# Tightening up AW Racin' Rigs?



## ParkRNDL (Mar 20, 2002)

I got a couple of the new Racin' Rigs, and I noticed the trailers wobble and lean a lot more than the original AFX ones. Even running down a straightaway, mine tend to lean back and forth. I thought that was odd, since they are pretty close to a direct copy. After comparing them to an original for a while, the only thing I found that seemed real different was that the pin on the bottom of the trailer that goes into the hole in the back of the tractor seems to be a much looser fit, allowing the trailer to lean. The original AFX seemed to have a much smaller tolerance between the sizes of the pin and the hole, so the tractor helps hold the trailer upright. Anybody else notice this? Anybody do anything about it? I was thinking of sleeving the pin and drilling the hole so the sleeve just fits in it... any other ideas?

thanks in advance...

--rick


----------



## tjetsgrig (Nov 1, 2009)

ParkRNDL said:


> I was thinking of sleeving the pin and drilling the hole so the sleeve just fits in it


That does it for me!

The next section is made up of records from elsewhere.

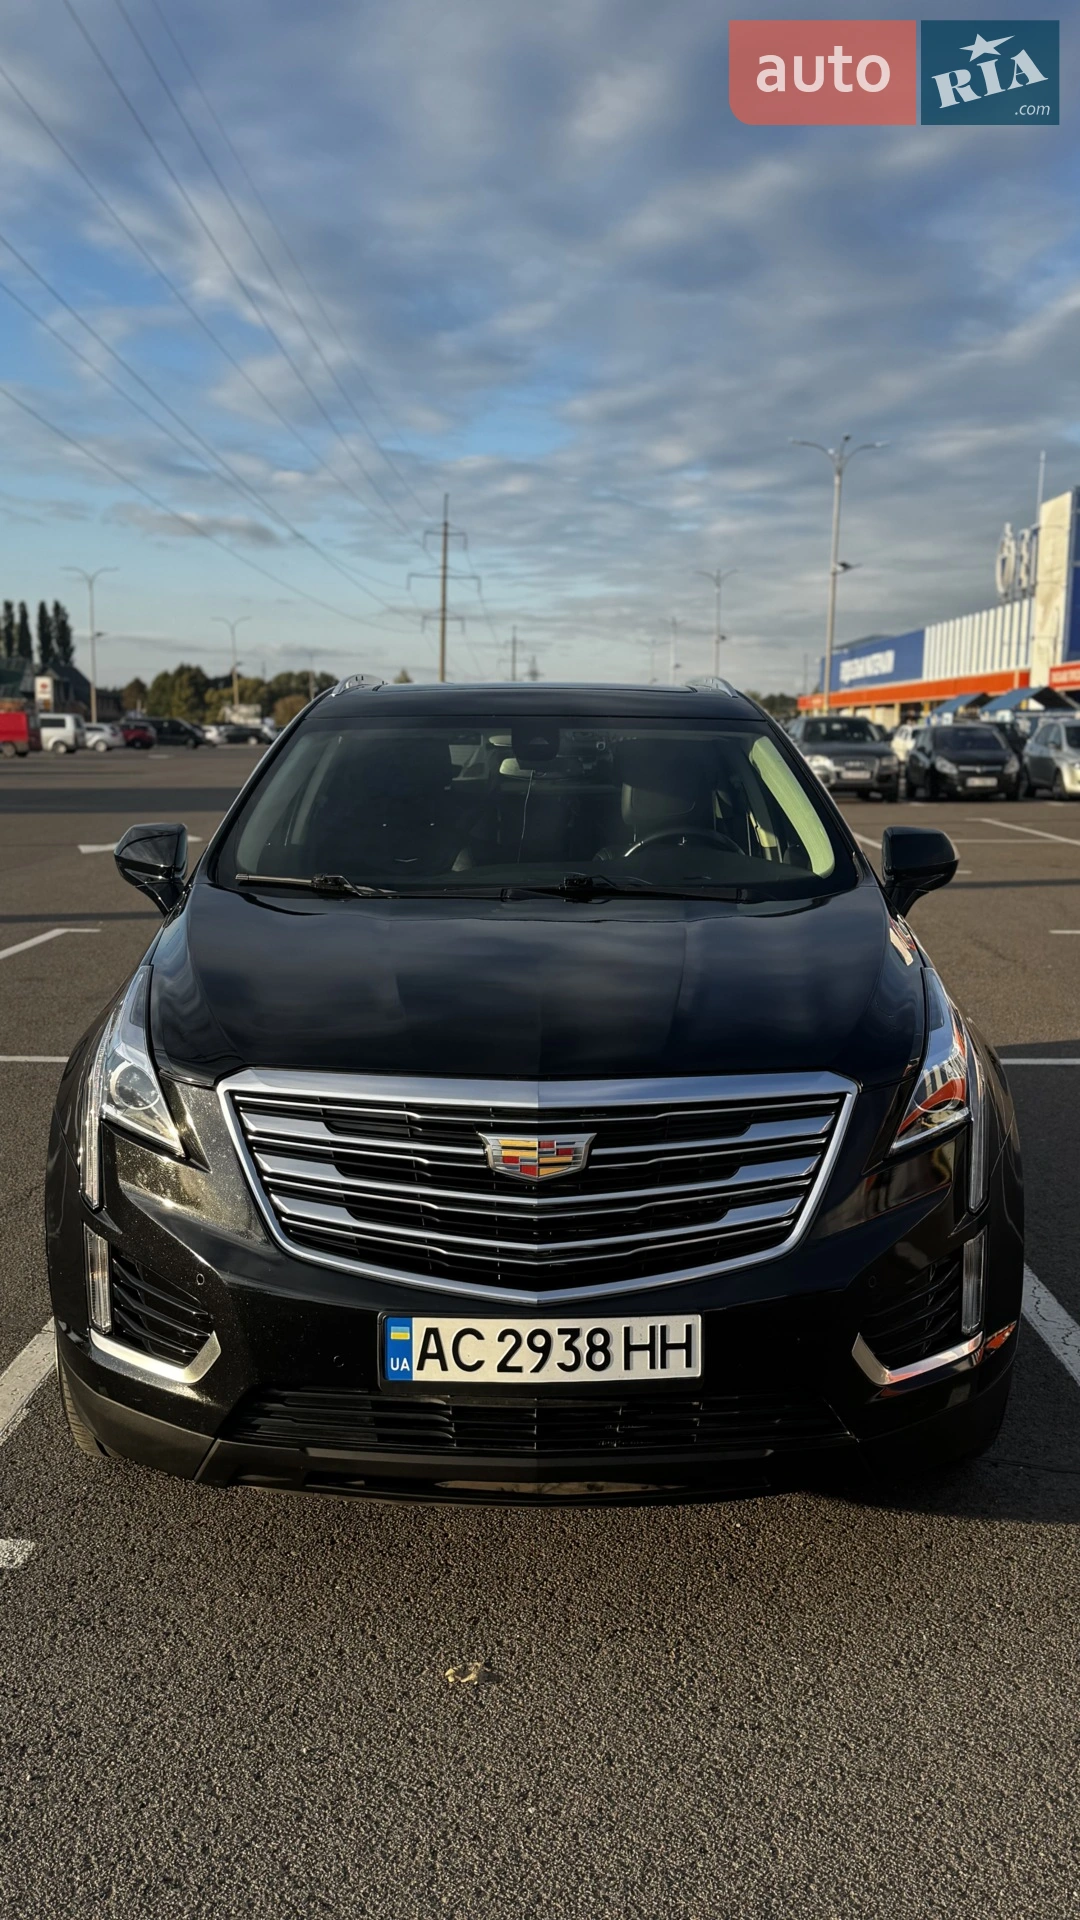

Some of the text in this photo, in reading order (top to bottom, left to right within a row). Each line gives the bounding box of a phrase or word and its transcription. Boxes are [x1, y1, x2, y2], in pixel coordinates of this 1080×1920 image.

[390, 1357, 410, 1372] UA
[416, 1323, 693, 1374] AC 2938 HH
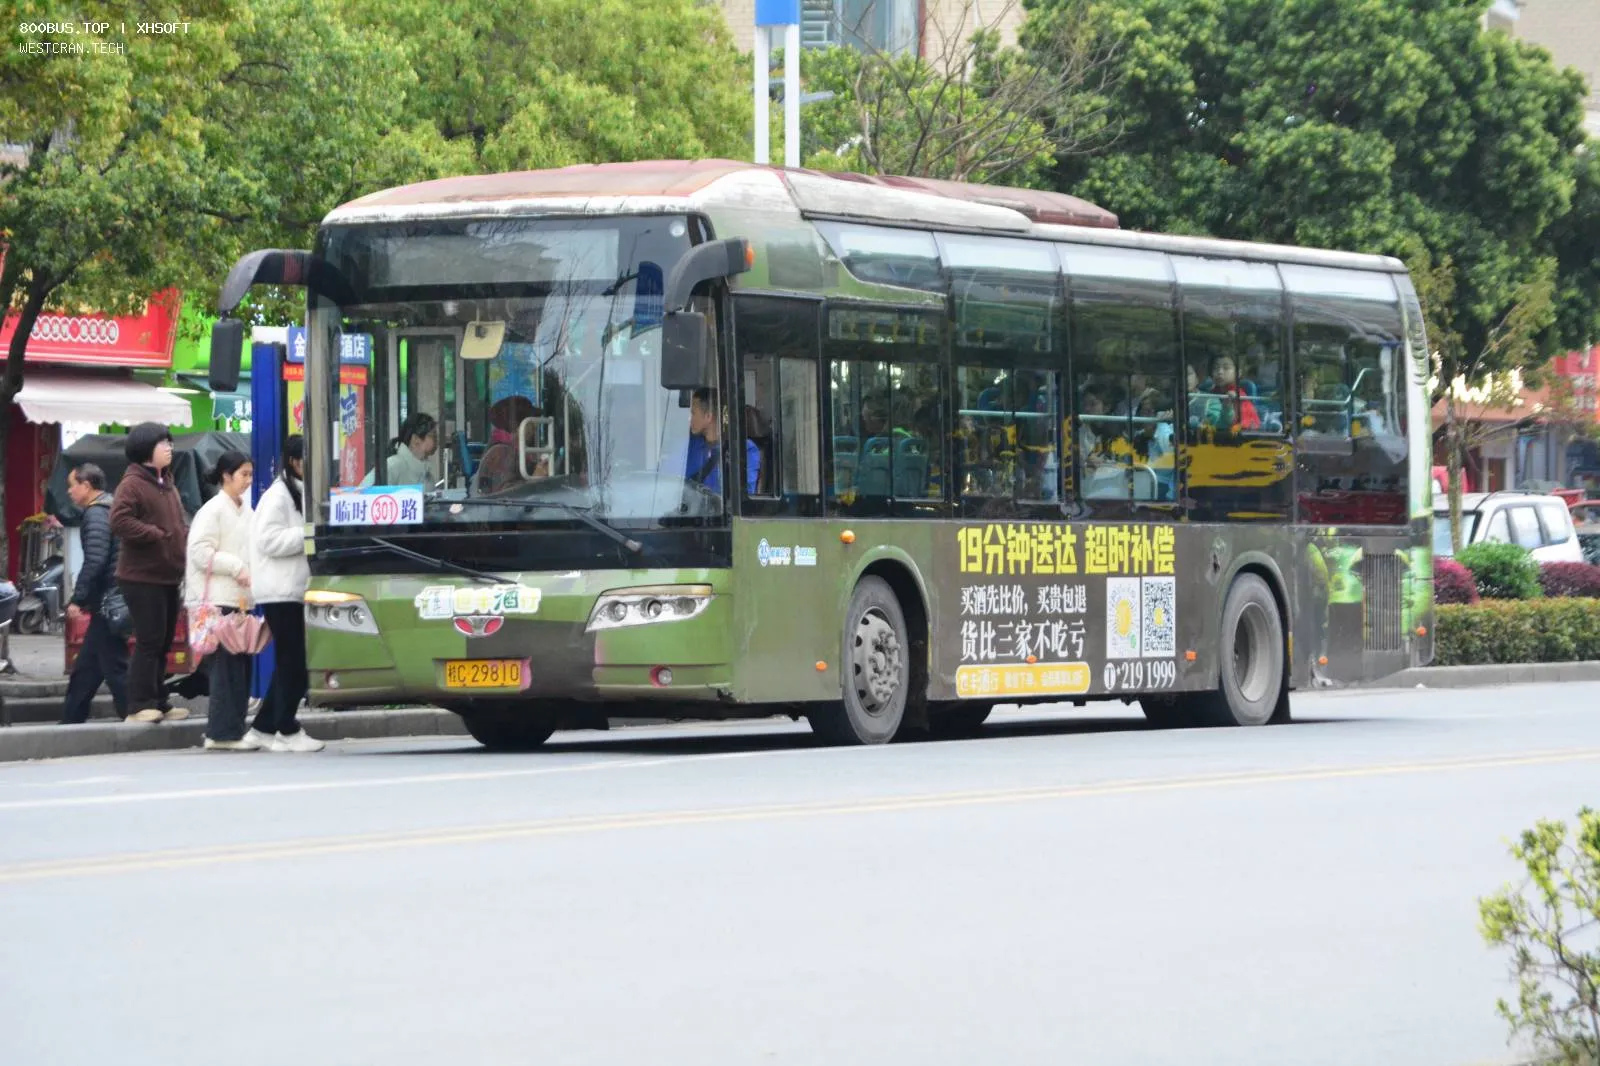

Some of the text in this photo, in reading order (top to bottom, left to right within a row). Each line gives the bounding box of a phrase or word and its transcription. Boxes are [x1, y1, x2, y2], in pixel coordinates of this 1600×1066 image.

[335, 498, 417, 523] 临时 301 路
[957, 523, 1176, 575] 19分钟送达 超时补偿
[960, 619, 1087, 662] 货比三家不吃亏
[1146, 659, 1177, 689] 1999

Get some of that small plastic tube from the hobby shop or craft store.


Jim Sgrig


----------



## 1976Cordoba (Sep 20, 2000)

Or wrap it with a thin strip of vinyl tape.


----------



## dlw (Aug 17, 1999)

I use a little scotch tape to take up the slack.


----------



## ParkRNDL (Mar 20, 2002)

i know this is an old thread, but i only got around to fooling with these just now... the scotch tape thing worked like a charm. wrapped 2 thicknesses around the post and it's just a little snug in the hole. works GREAT.

--rick


----------